The Rominter Heath had a long tradition as a Royal Hunting ground in East Prussia. From 1890 to 1913 Kaiser Wilhelm II had visited the Heath annually, since 1891 Wilhelm owned the Rominten Hunting Lodge. In September 1933 Wilhelm refused to allow Hermann Göring to stay in the lodge, subsequently Göring built his own lodge (after Wilhelm's death Göring forced the heirs to sell the Royal lodge to him).

In September 1935, Göring authorized the construction of a hunting lodge in the Rominter Heath, which was completed in September 1936. Initially Göring planned to name the complex after his second wife Emmy "Emmyhall" like he did at Carinhall in the Schorfheide after his first wife. However the complex was named "Reichsjägerhof Rominten" similar to the "Reichsjägerhof Hermann Göring" near Braunschweig. The attached game reserve extended nearly 100 sqmi.

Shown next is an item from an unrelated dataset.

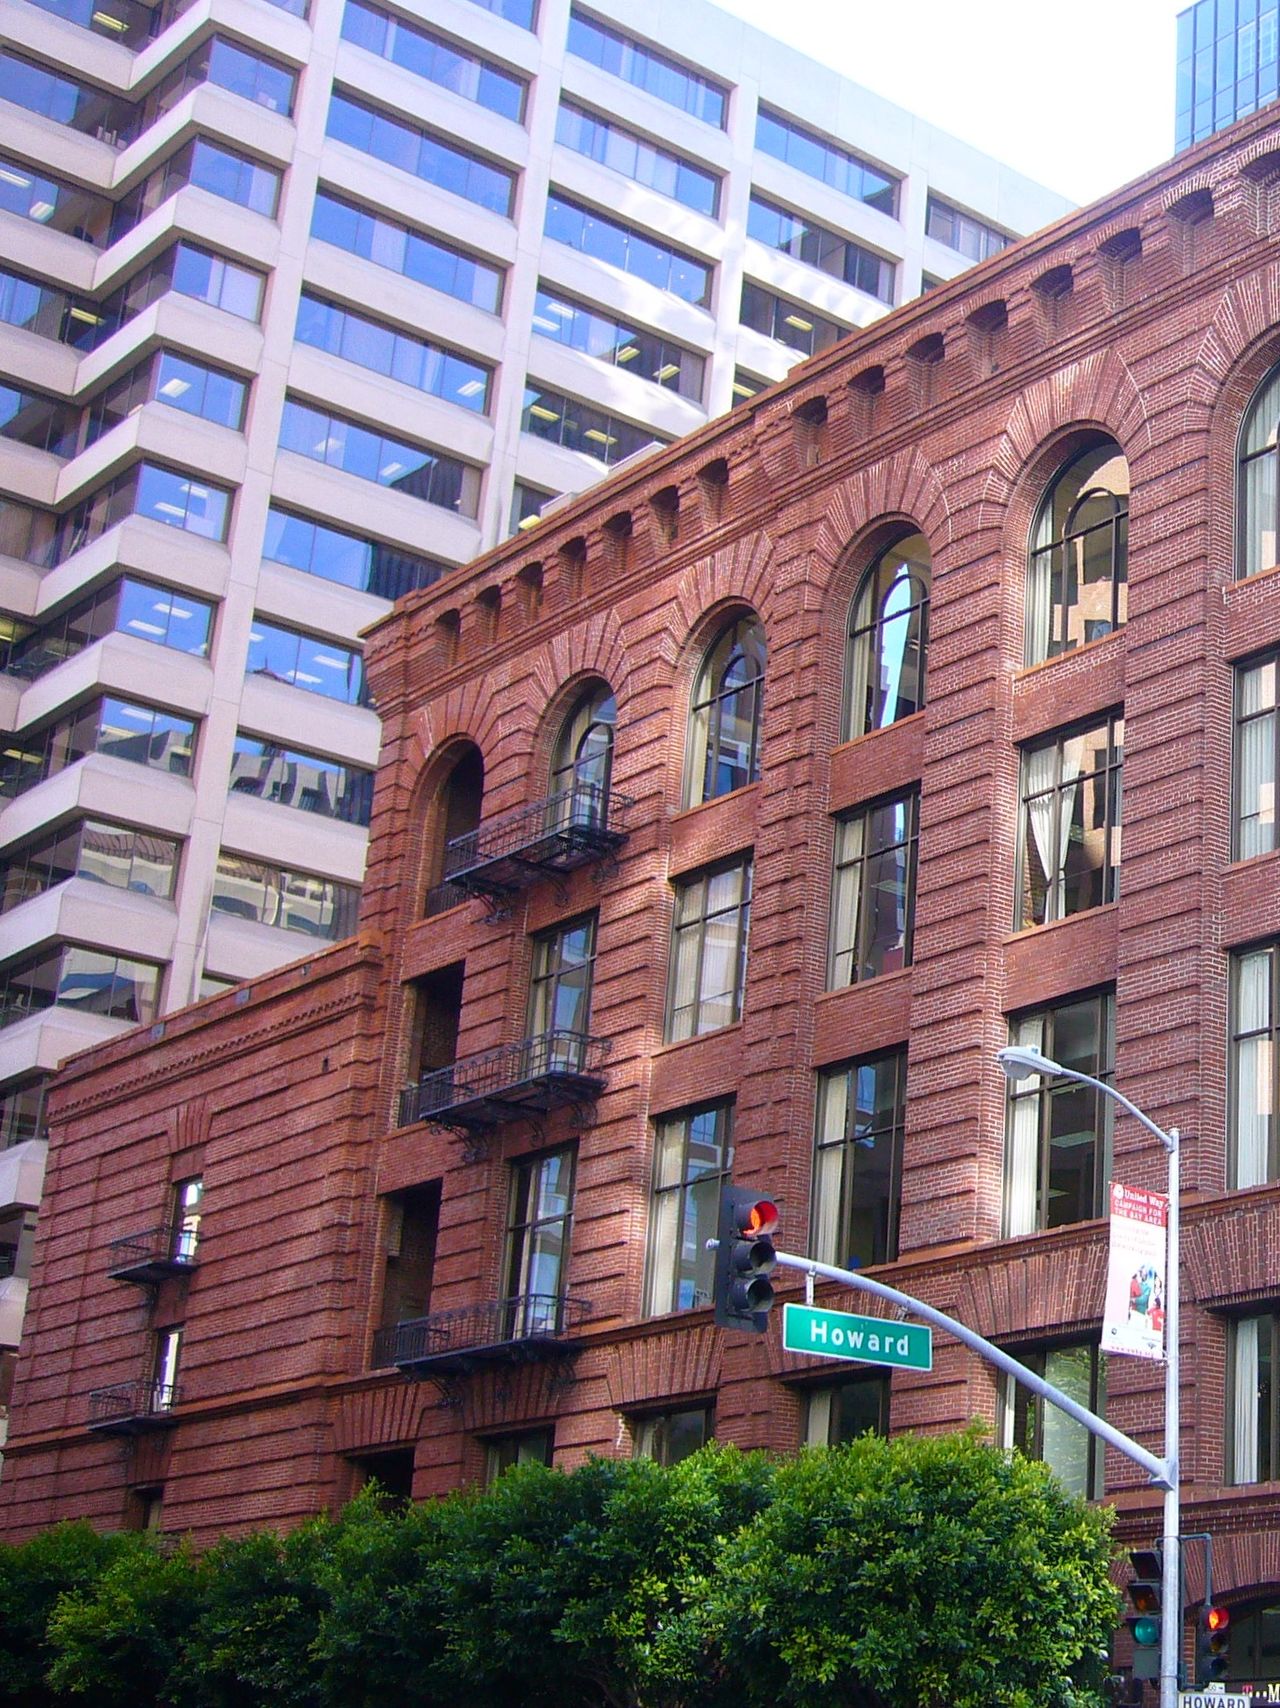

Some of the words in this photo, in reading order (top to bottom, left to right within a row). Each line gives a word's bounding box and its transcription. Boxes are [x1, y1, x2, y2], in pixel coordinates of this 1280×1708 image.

After the German attack on the Soviet Union, the complex temporarily served as Göring's headquarters. With the Soviet advance on East Prussia, Göring ordered the destruction of the Reichsjägerhof and on 20 October 1944 the whole complex was set on fire by Göring's custodian.

After World War II, the region became part of the Soviet Union. As of 2013 some Russian investors are planning to reconstruct the complex.